## YOUR ASSIGNMENT
An exact copy of every entry is needed, with no images.
== LISTED RECORDS ==
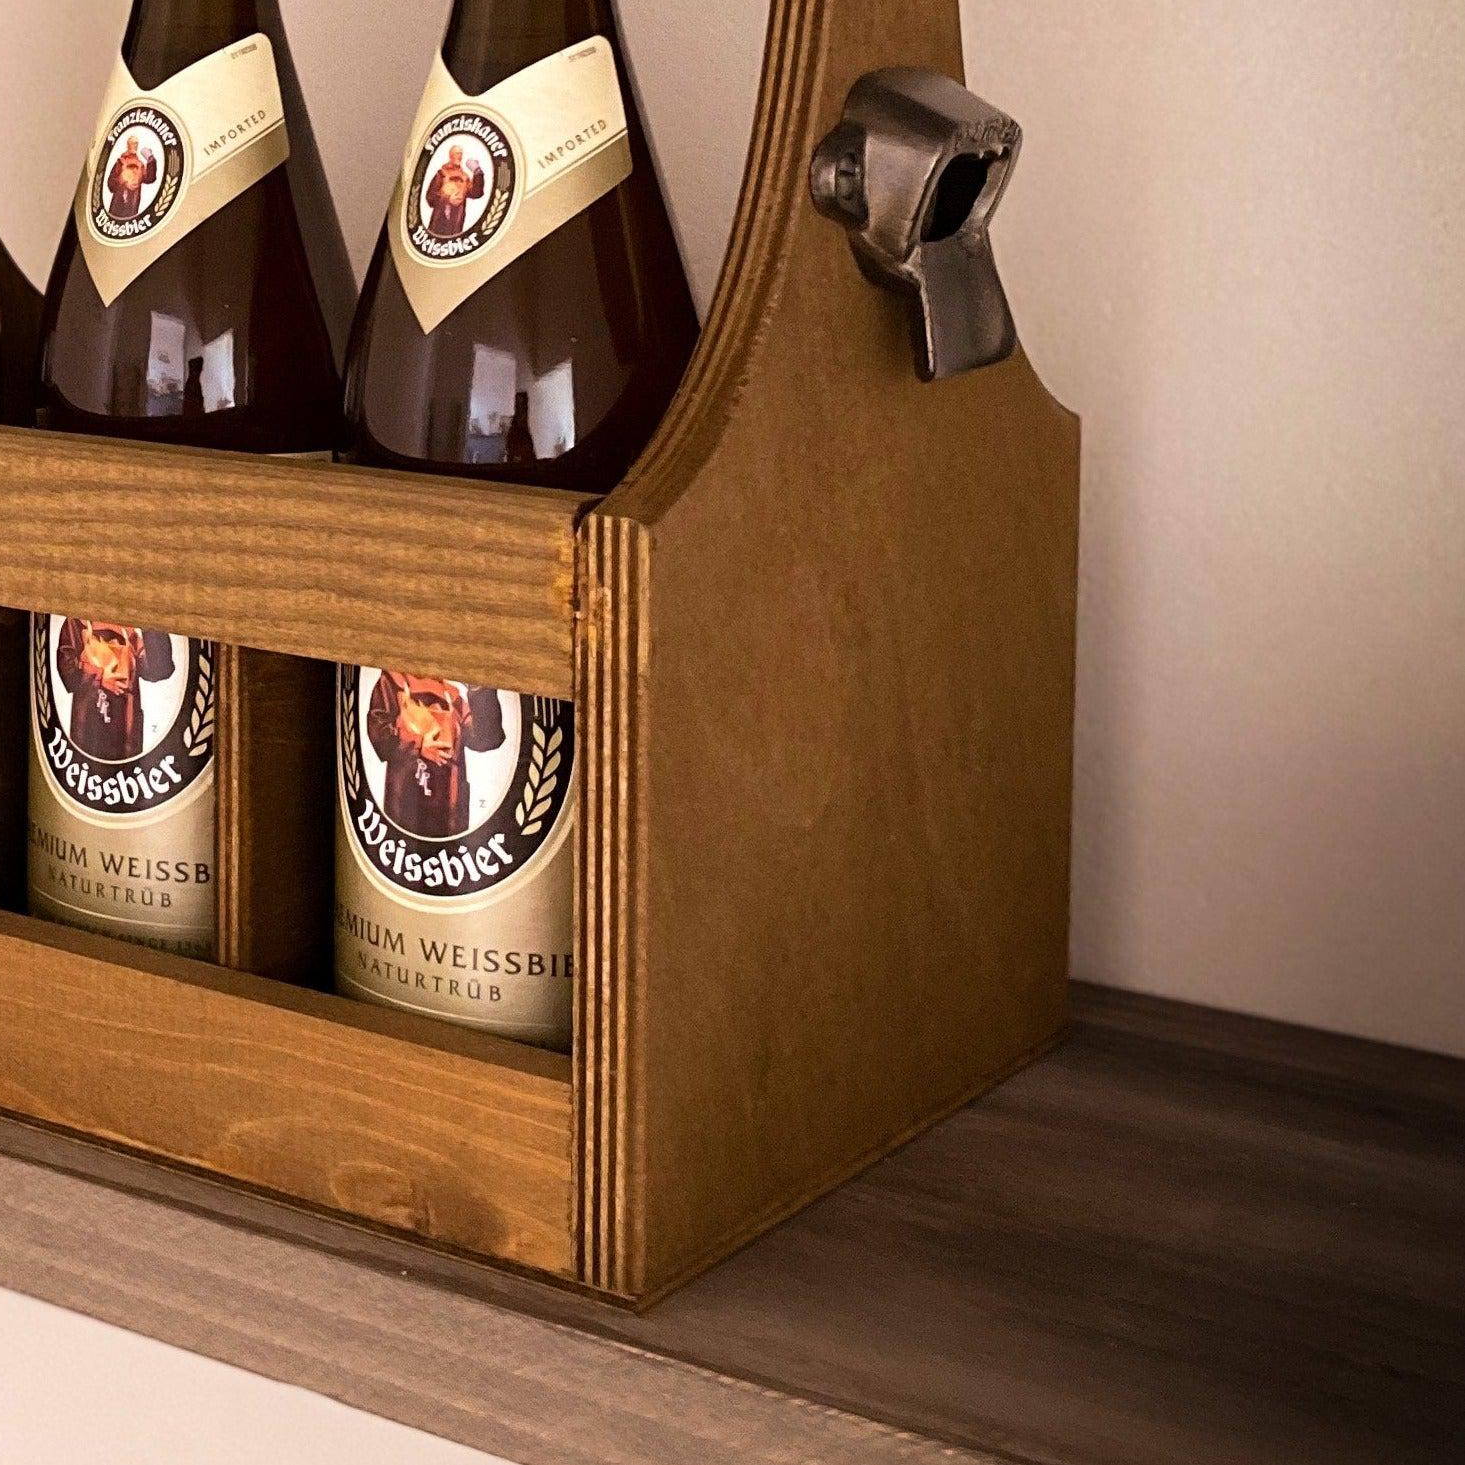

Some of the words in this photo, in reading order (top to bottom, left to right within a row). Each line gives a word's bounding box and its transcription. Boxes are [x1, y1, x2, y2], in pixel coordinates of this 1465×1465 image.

[107, 108, 178, 147] Franziskaner
[203, 109, 267, 156] IMPORTED
[424, 115, 509, 159] Franziskaner
[538, 119, 608, 169] IMPORTED
[95, 209, 153, 237] Weissbier
[412, 225, 479, 257] Weissbier
[47, 727, 183, 806] Weissbier
[357, 798, 514, 888] Weissbier
[99, 851, 210, 884] WEISSB
[358, 950, 501, 1002] NATURTRÜB
[419, 938, 574, 978] WEISSBIE
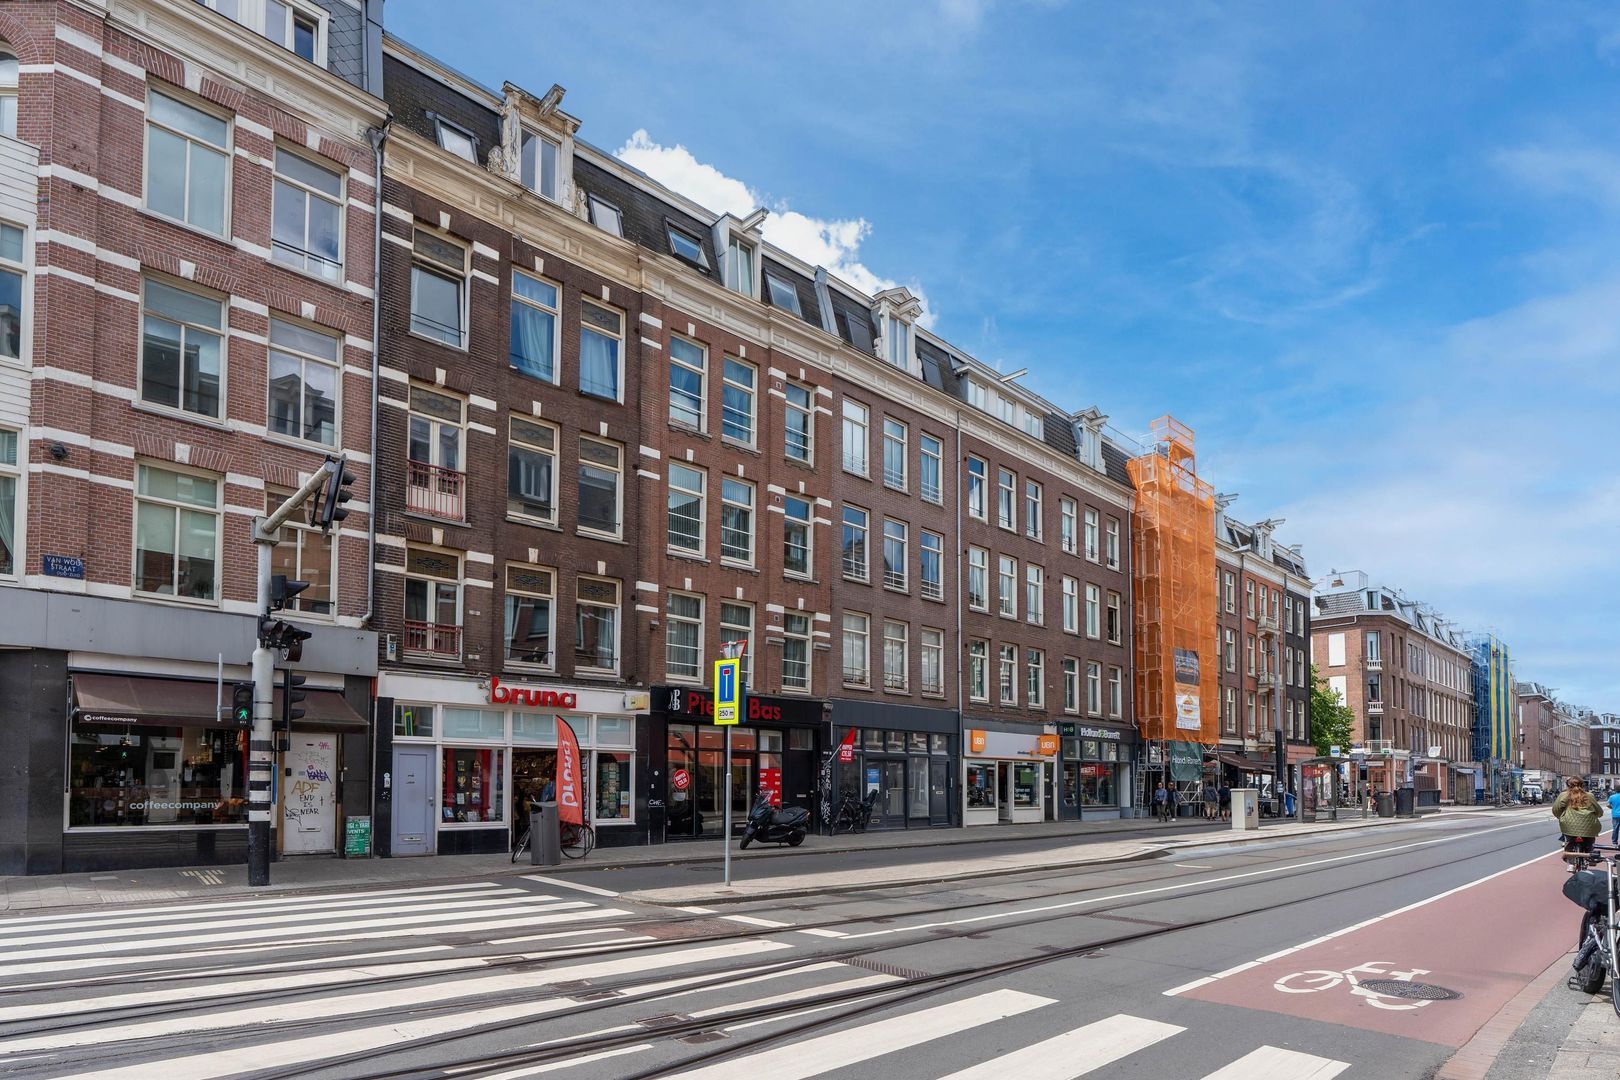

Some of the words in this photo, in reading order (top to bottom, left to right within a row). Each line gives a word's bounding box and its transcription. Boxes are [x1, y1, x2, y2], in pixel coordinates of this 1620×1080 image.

[50, 563, 76, 572] STRAAT
[491, 676, 576, 709] bruna
[687, 692, 714, 715] Pie
[749, 697, 782, 720] Bas
[92, 715, 138, 723] coffeecompany
[300, 794, 315, 802] END
[130, 800, 221, 810] coffeecompany
[300, 807, 320, 815] NEAR
===
## PROBLEM SOLUTION
Some of the words in this photo, in reading order (top to bottom, left to right within a row). Each line gives a word's bounding box and its transcription. Boxes are [x1, y1, x2, y2], in pixel coordinates of this 1465×1465 image.

[107, 108, 178, 147] Franziskaner
[203, 109, 267, 156] IMPORTED
[424, 115, 509, 159] Franziskaner
[538, 119, 608, 169] IMPORTED
[95, 209, 153, 237] Weissbier
[412, 225, 479, 257] Weissbier
[47, 727, 183, 806] Weissbier
[357, 798, 514, 888] Weissbier
[99, 851, 210, 884] WEISSB
[358, 950, 501, 1002] NATURTRÜB
[419, 938, 574, 978] WEISSBIE

Some of the words in this photo, in reading order (top to bottom, left to right within a row). Each line gives a word's bounding box and its transcription. Boxes are [x1, y1, x2, y2], in pixel coordinates of this 1620×1080 image.

[50, 563, 76, 572] STRAAT
[491, 676, 576, 709] bruna
[687, 692, 714, 715] Pie
[749, 697, 782, 720] Bas
[92, 715, 138, 723] coffeecompany
[300, 794, 315, 802] END
[130, 800, 221, 810] coffeecompany
[300, 807, 320, 815] NEAR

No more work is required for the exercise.